Because my seizures are triggered by stress, things I was already doing to treat my schizoaffective disorder – such as therapy, journaling, yoga, etc. – really help with that as well. Now my seizures aren’t as frequent, but I definitely deal with side effects from the sheer quantity of medication I take. I sleep for 10-12 hours per night, I can’t drink alcohol or consume caffeine anymore, I must always make sure I’ve eaten and drunk enough water, etc. It’s been a big lifestyle change but it truly gets easier every day. It’s really a night and day difference from where I was last October.
What are some ways that you take care of your mental health while abroad?
I think talking about your feelings is essential. Having access to a therapist has been so important for me, as well as staying in touch with my family back home and my friends in-country. If you bottle up your feelings, they just get more and more intense. It’s so important to find healthy outlets for stress, such as talking with your loved ones, exercise, journaling, or just staying in for the night and watching your favorite movie. I also think getting enough sleep and eating enough are super important. Living abroad for a short period of time – such as during CLS – is hard because you don’t have very long to adjust to your surroundings. I definitely took things slow during my program and took advantage of the learning accommodations that I was offered. It can be hard to seek support, but it’s so important to do so. Your professors, resident director, and American Councils are there to help!
What have been some of your biggest takeaways from your experiences abroad?

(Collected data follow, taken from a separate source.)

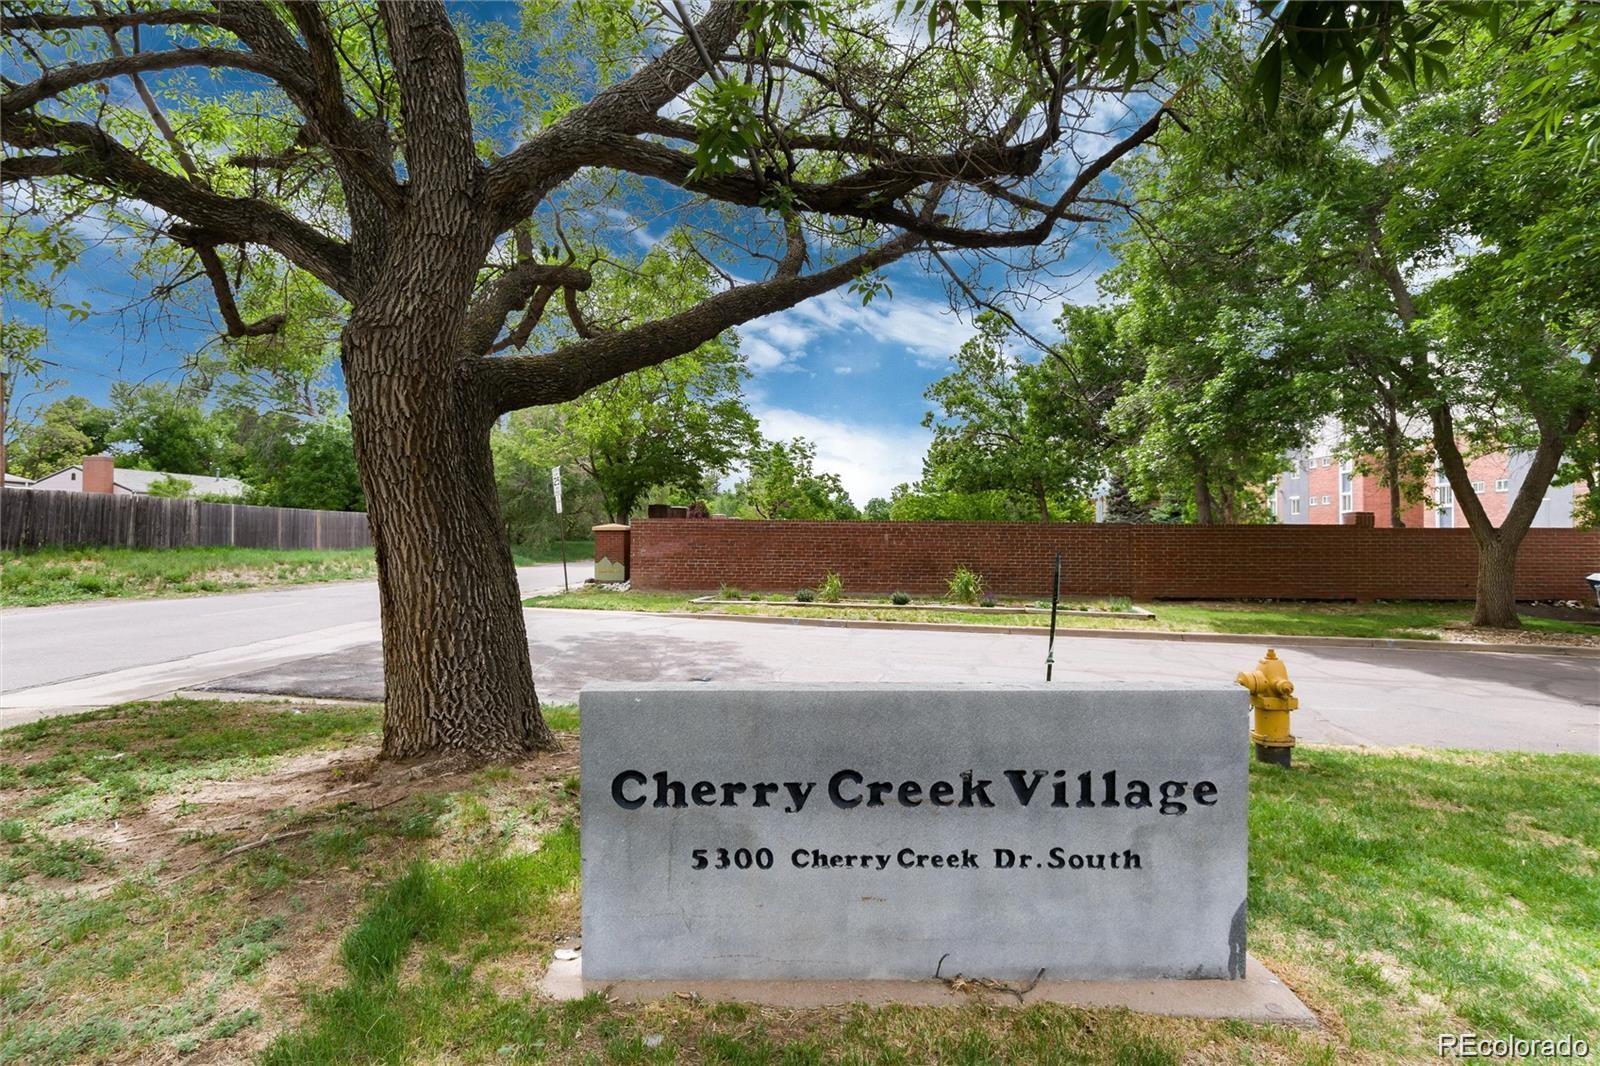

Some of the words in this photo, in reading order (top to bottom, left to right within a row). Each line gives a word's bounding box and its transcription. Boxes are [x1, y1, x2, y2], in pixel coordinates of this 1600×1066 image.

[610, 769, 817, 814] Cherry
[827, 768, 996, 811] Creek
[1002, 769, 1219, 816] Village
[691, 847, 774, 871] 5300
[791, 848, 892, 871] Cherry
[896, 847, 979, 870] Creek

I would say the biggest thing I’ve learned is that it’s totally possible to find yourself a little home in another country. CLS was a very interesting opportunity because you are assigned a location to live for two months, which gives you the chance to explore and see where you might like to spend more time. I was drawn to living in Ukraine and Georgia to further my research and because of the strong connections I’ve made to the people I’ve met here. I truly feel like I’ve found a community and a support system in-country, and that is the most meaningful part of living abroad for me.